It was a low-energy exchange and it left me worried about John.

There is a growing trend in him towards philosophicalism, a character flaw I am well acquainted with. Anyone seeking self knowledge via a surfing competition is prone to wandering in a wilderness of delusion. That is called, in the school of Surf Journalism I subscribe to, as The Kelly Error.

John did start low energy against Mikey Wright. He got his head held underwater in the opening exchanges by the Australian mullet and ended up getting his arse well and truly beat by the wildcard.

Gabby played rope-a-dope against Leo slipping away from expected confrontation and laying hammer blows on smaller waves, drawing the pity of Ronnie Blakey who called the wave Gabby surfed a “poor thing.”

The bigger showcase was the judging signal laid down by new Head Judge Pritamo Ahrendt. It was a major and much needed correction of Porta Era over-scoring. Leo threw a technically perfect tail high throw and got a 3.77. It would have got a high six under Porta. In the rush to establish the scale Medina was probably underscored, especially in the context of a day of mostly mediocre round two surfing.
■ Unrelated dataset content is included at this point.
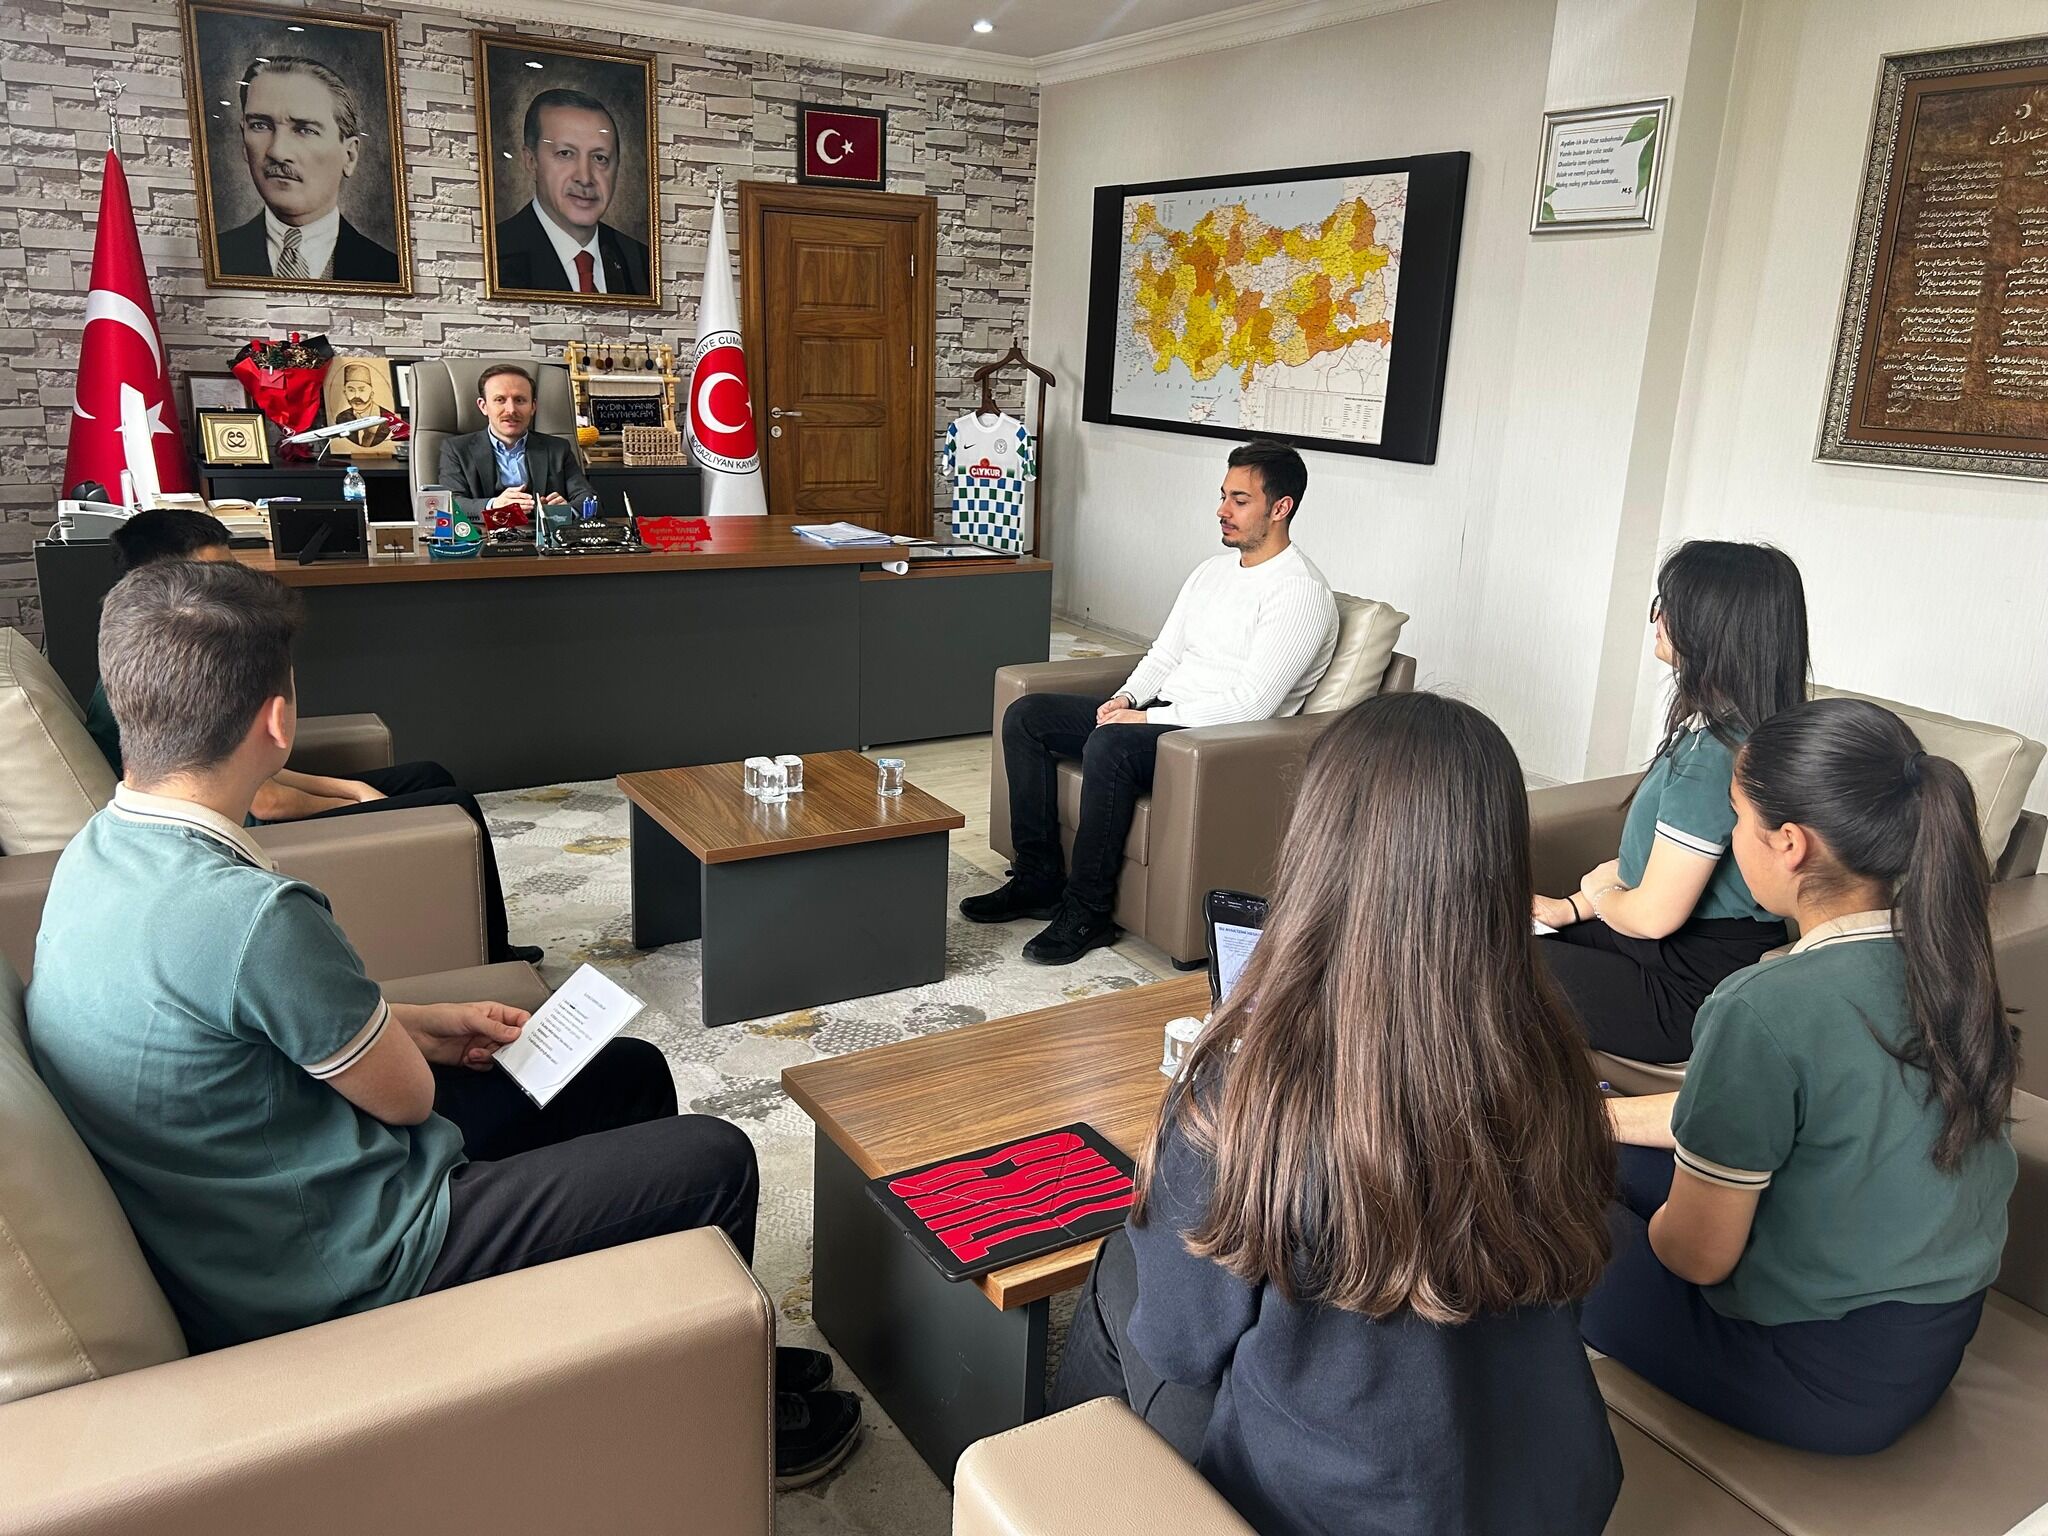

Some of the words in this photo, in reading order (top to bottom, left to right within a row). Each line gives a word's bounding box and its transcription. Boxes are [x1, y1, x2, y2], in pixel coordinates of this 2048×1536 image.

[597, 403, 626, 411] AYDIN
[629, 402, 656, 410] YANIK
[600, 410, 654, 419] KAYMAKAM
Wilko choked against new rookie Michael February. For perfect two-to-three-foot rippable point surf it seemed incredibly easy to get lost out there. I’ve long thought incumbency is as much of a hindrance as a help at Snapper and Wilko proved my point.
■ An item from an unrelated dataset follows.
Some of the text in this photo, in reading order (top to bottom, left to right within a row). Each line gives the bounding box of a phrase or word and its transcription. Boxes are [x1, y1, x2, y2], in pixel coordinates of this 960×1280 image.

I needed some expert advice to find out why and sought the counsel of Irish Super Strategist and Coach of the most lethal team in pro surfing history, Glen Micro Hall.

Once again I intro’ed myself and we shook hands. Little man, clean cut, ripped. Shaved down if I’m not mistaken.
“Glen”, I said “Why are Wilko and other top seeds finding this lineup so hard to read? There are good waves everywhere out there.”

“I don’t know,” he said.

“Any theories?”

“Nah, not really.”

Is that not core business?

Do coaches not collect their ten percent to figure this shit out? Or am I reading this wrong?

There was no question of rookies over-respecting incumbents and the day was looking tedious until Parko took the water behind the rock against Pat Gudauskas. In the last two days I have seen hundreds of waves spit their guts out after barrelling from behind the rock. And not one pro surfer has paddled over and caught one.

Parko threaded one, then two, then three. Putting the big swinging top turn carve on the end for emphasis. The only waves ridden in two full days of mens competition that reached into the eight-plus excellent range.

Objectively analysing the crowd using scientific transects and language detection I estimated the official language of QuikPro as Portugese. Lots of gals, lots of brown guys. Not White Australia at all. A gal in front of me and Jazzy P swooned and dropped to the floor in the Corona Pavilion. Two babes in front swivelled bottoms slowly from side to side like honeybees at the hive. The air was thick with the chemical smell of sunscreen and human pheromones.

A cadet surf journalist interned to me by Derek Hynd asked me if I had any advice and I said, “The best way to avoid a hangover is not to drink but the best way to deal with a hangover is to have another one.”

“Jazzy P, have you got your hands on the BG purse strings, I need another Corona.”

M Rod was the only other pale sun to shine on a dull day when anticipation of much greater things to come infused the day with a sour, Soviet mood emanating from judges, surfers, fans, coaches and surf journalists alike.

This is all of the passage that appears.